Accessing List Elements¶
In addition to the basic procedures car
and cdr
Scheme provides a number of higher-level ways to access the different list items individually.
Number of Elements of a List¶
Often it is necessary to know the length, respectively the number of elements of a list. This is determined by the length
procedure:
guile> (length '(a b c d))
4
Note that this expects a proper list to work, applying length
to an improper list or a pair will result in an error.
Indexed access¶
It is possible to access the n-th element of a list using the list-ref
procedure, which is passed first the list and then the requested index as arguments:
guile> (list-ref '(a b c d) 3)
d
guile> (list-ref '(a b c d) 4)
standard input:7:1: In procedure list-ref in expression (list-ref (quote #) 4):
standard input:7:1: Argument 2 out of range: 4
ABORT: (out-of-range)
There are two things to note about this: The index is “zero-based”, that means that the fourth list entry will have the index 3. And it will result in an error when you try to access a non-existent index as in the second example. The highest possible index is one lower than the length of the list. So if the list has four elements as in our example the highest index is 3.
In order to avoid this kind of error you can make use of the length
procedure, once you have learned about conditionals and iteration constructs later in this book. As an example that works already now you can use it to access the last element of a list:
guile>(define lst '(1 2 3 4))
guile>lst
(1 2 3 4)
guile>
(list-ref
lst
(- (length lst) 1))
4
In this example we calculate the index of the last element by subtracting one from the length of the list.
first/second Access¶
Guile defines a number of convenience accessor methods to retrieve list elements by their position specified in English words instead of the number:
guile> (define lst '(1 2 3 4 5))
guile> (first lst)
1
guile> (second lst)
2
guile> (fifth lst)
5
Such procedures are defined for the first ten elements of a list (i.e. first
through tenth
). Note that “first” here really means the first, so (first lst)
is equivalent to (list-ref lst 0)
.
In addition there is the last
procedure that always retrieves the last element of the list, regardless of its index. As list-ref
these functions implictly retrieve the car
of an element. So unlike accessing elements through the car
and cdr
functions it is not necessary anymore to explicitly unfold the value using car
. But unexpected results may occur when the list is an improper list. Please investigate the result of the following expressions yourself - if you have difficulties with that please refer to the explanation about list structure.
guile> (last '(1 2 3 4 5))
5
guile> (last '(1 2 3 4 . 5))
4
Accessing Parts of a List¶
Sometimes it's necessary to retrieve parts of a list, for example all elements starting with the third or up to the fourth. For this the procedures list-tail
and list-head
are provided.
guile>(define lst '(1 2 3 4 5 6))
(list-tail lst 2)
(3 4 5 6)
list-tail
takes the list and the starting index as arguments. So in this example the list elements starting with index 2 are retrieved. Colloquially one can also say the arguments specifies the number of elements to be skipped.

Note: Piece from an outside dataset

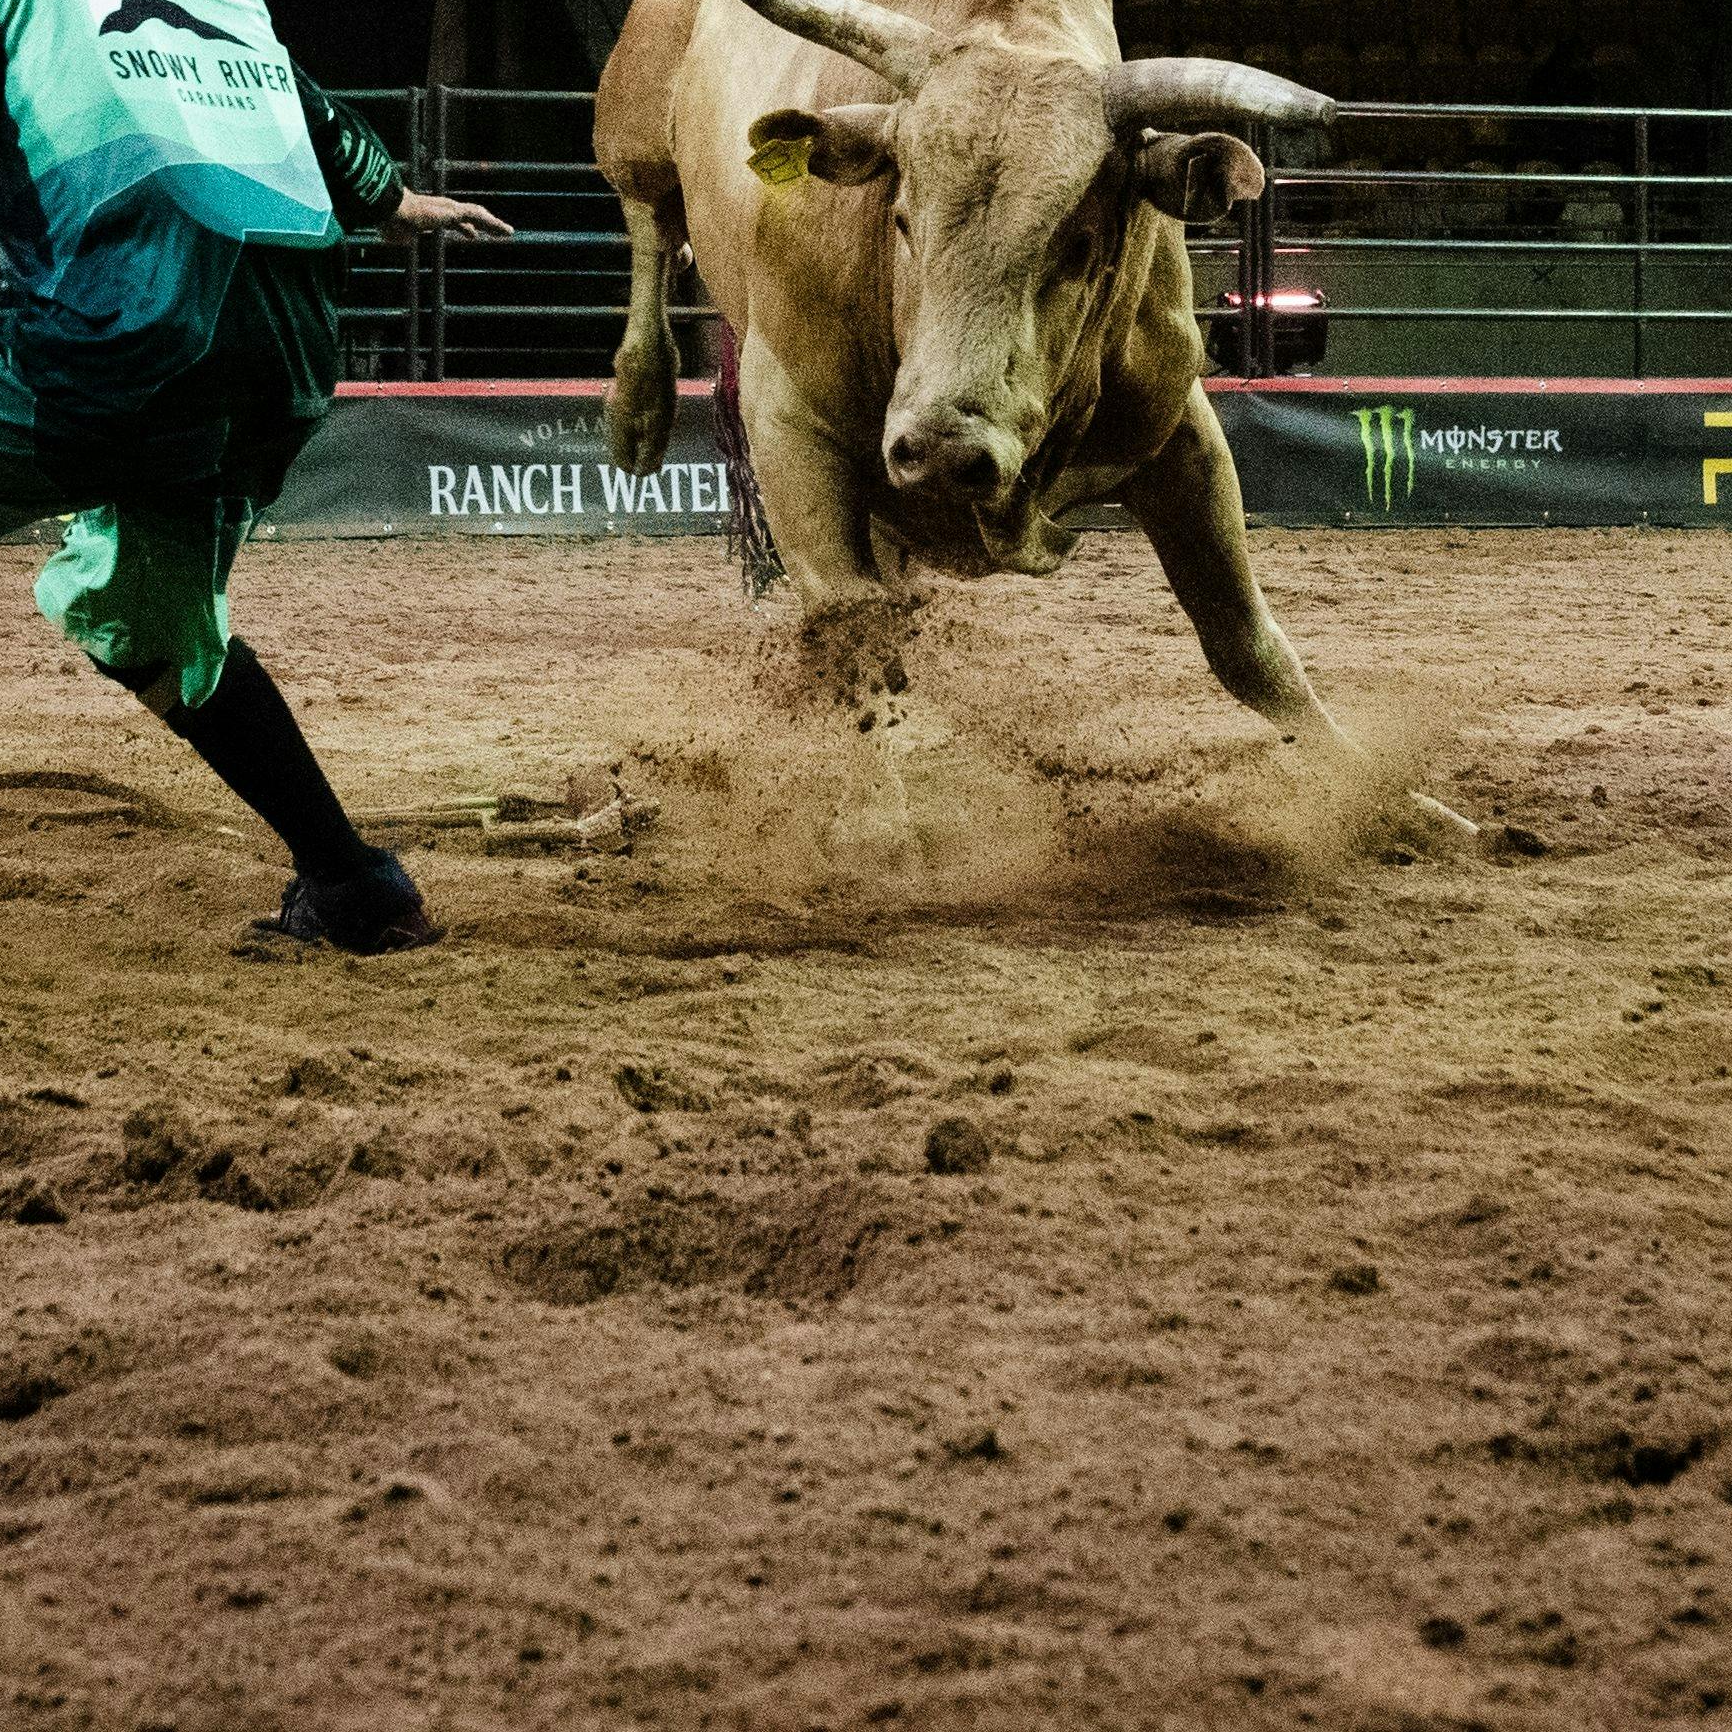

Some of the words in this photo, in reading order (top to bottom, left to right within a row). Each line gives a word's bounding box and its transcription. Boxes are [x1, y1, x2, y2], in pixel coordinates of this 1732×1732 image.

guile>(define lst '(1 2 3 4 5 6))
(list-head lst 2)
(1 2)
With list-head
the index argument specifies the index to which but not including the list elements are retrieved. However, again this can colloquially be expressed much clearer as the “number of retrieved elements”.
If an actual sub-list is required the procedures can be stacked/nested:
guile> (list-head (list-tail lst 2) 2)
(3 4)
First the list-tail
expression is evaluated, resulting in the list (3 4 5 6)
, then this is passed to list-head
.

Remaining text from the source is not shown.